* _WORK ORDER_:
The text of every record, exactly as given and with no pictures, should be your output.

[Stored items from a collection]
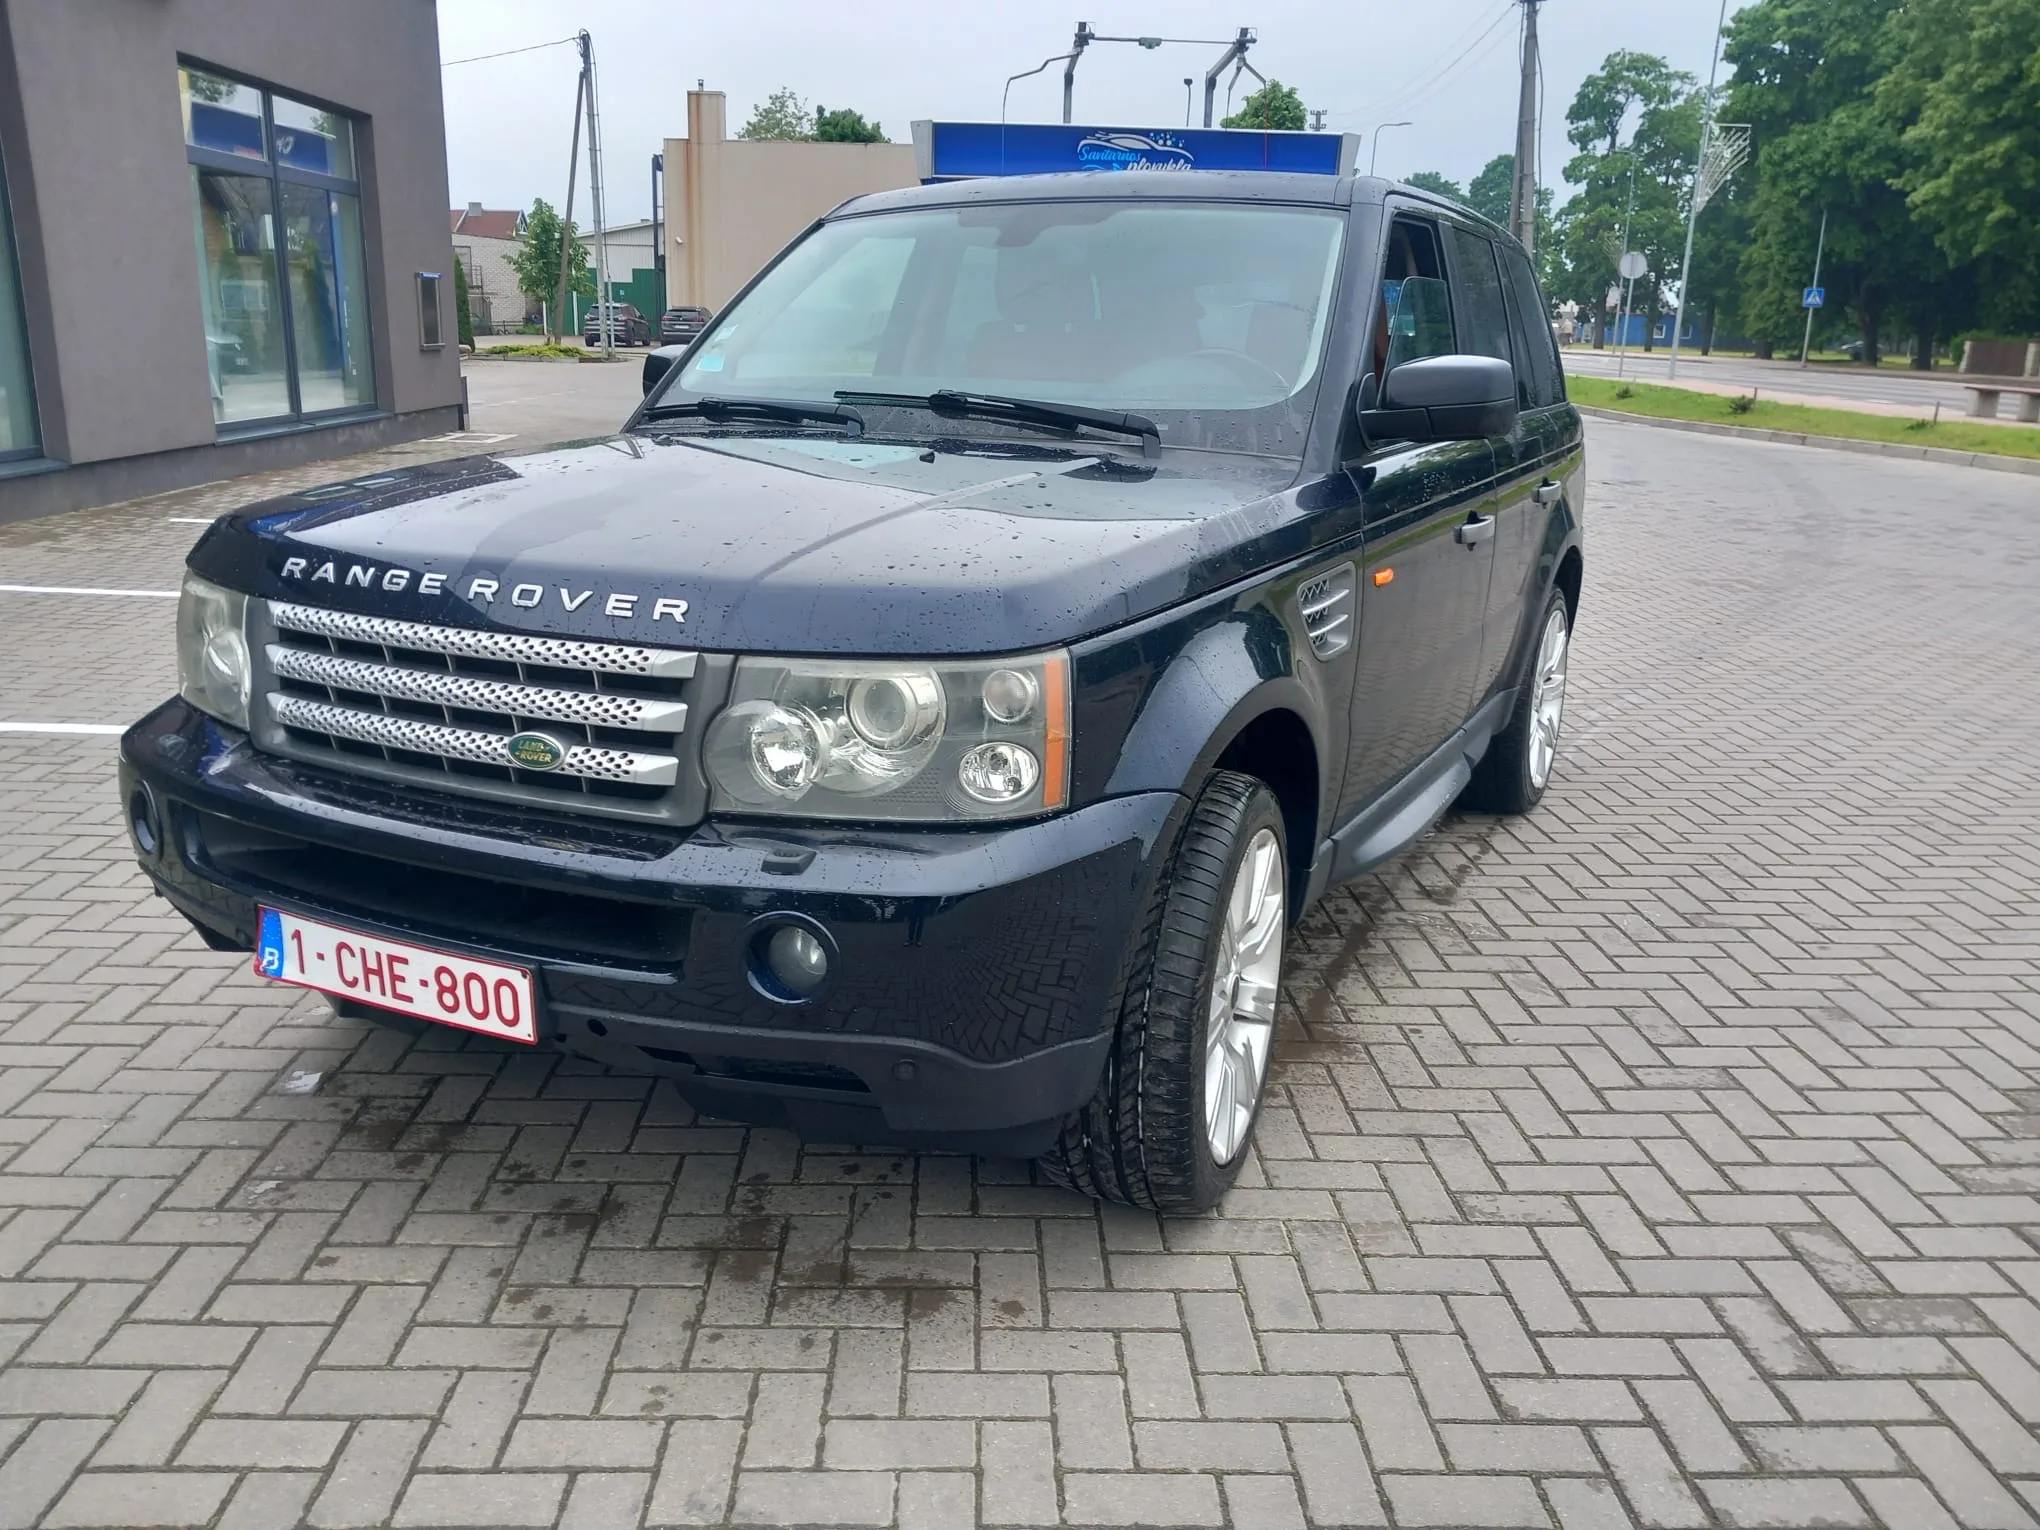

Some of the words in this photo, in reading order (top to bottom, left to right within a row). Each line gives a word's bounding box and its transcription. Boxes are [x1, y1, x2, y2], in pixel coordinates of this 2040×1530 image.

[281, 556, 448, 596] RANGE
[468, 578, 691, 624] ROVER
[520, 751, 552, 762] ROVER
[263, 946, 280, 970] B
[291, 928, 521, 1028] 1-CHE-800

* _YOUR RESPONSE_:
Some of the words in this photo, in reading order (top to bottom, left to right within a row). Each line gives a word's bounding box and its transcription. Boxes are [x1, y1, x2, y2], in pixel coordinates of this 2040×1530 image.

[281, 556, 448, 596] RANGE
[468, 578, 691, 624] ROVER
[520, 751, 552, 762] ROVER
[263, 946, 280, 970] B
[291, 928, 521, 1028] 1-CHE-800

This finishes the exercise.